» DATA EXTRACTS:
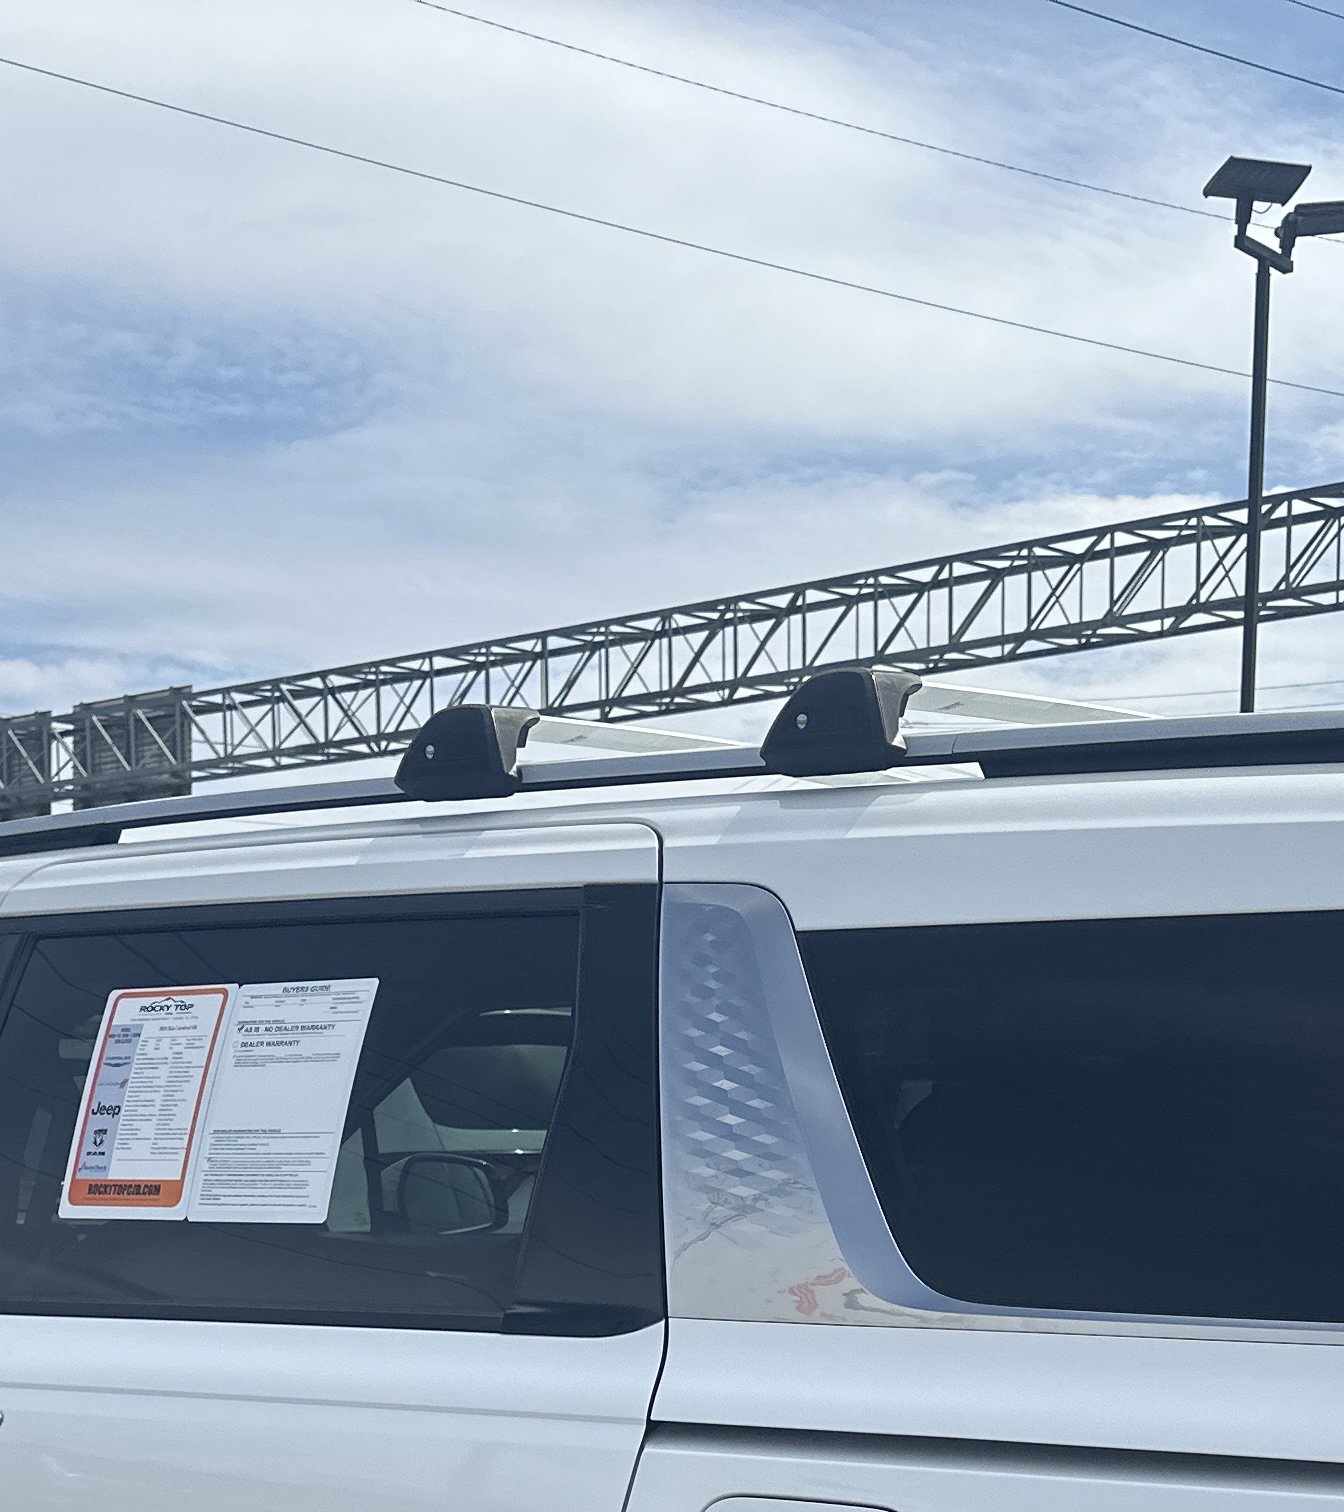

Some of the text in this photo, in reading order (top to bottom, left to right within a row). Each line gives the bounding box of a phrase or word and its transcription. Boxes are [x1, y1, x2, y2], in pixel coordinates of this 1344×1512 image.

[138, 1003, 195, 1013] ROCKY TOP
[91, 1101, 122, 1119] Jeep
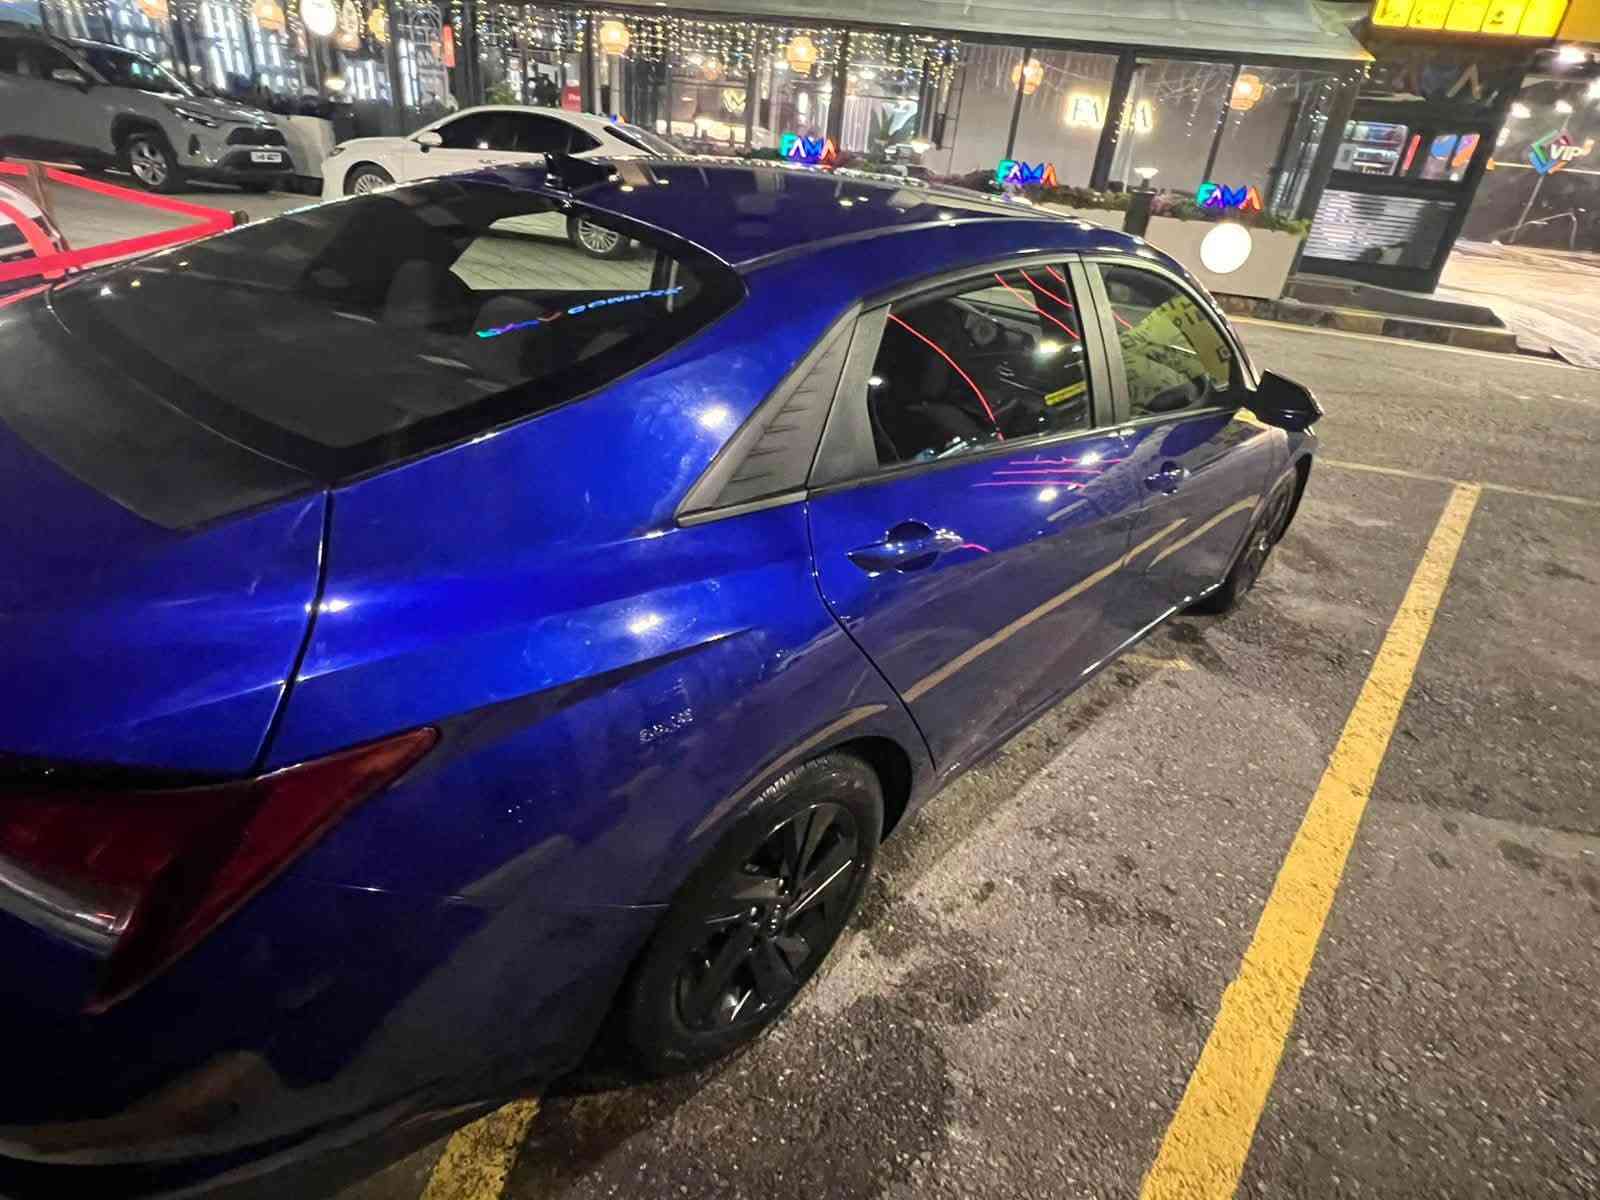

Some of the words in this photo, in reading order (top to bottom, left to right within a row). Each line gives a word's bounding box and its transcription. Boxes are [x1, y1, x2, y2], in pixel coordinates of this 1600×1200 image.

[780, 133, 837, 160] FAMA
[996, 160, 1057, 185] FAMA
[1196, 183, 1264, 208] FAMA

» YOUR GOAL: The result should be a word-for-word restatement of all the data, without images.

» REPLY:
Some of the text in this photo, in reading order (top to bottom, left to right within a row). Each line gives the bounding box of a phrase or word and its transcription. Boxes are [x1, y1, x2, y2], in pixel coordinates of this 1344×1512 image.

[138, 1003, 195, 1013] ROCKY TOP
[91, 1101, 122, 1119] Jeep

Some of the words in this photo, in reading order (top to bottom, left to right within a row). Each line gives a word's bounding box and its transcription. Boxes are [x1, y1, x2, y2], in pixel coordinates of this 1600×1200 image.

[780, 133, 837, 160] FAMA
[996, 160, 1057, 185] FAMA
[1196, 183, 1264, 208] FAMA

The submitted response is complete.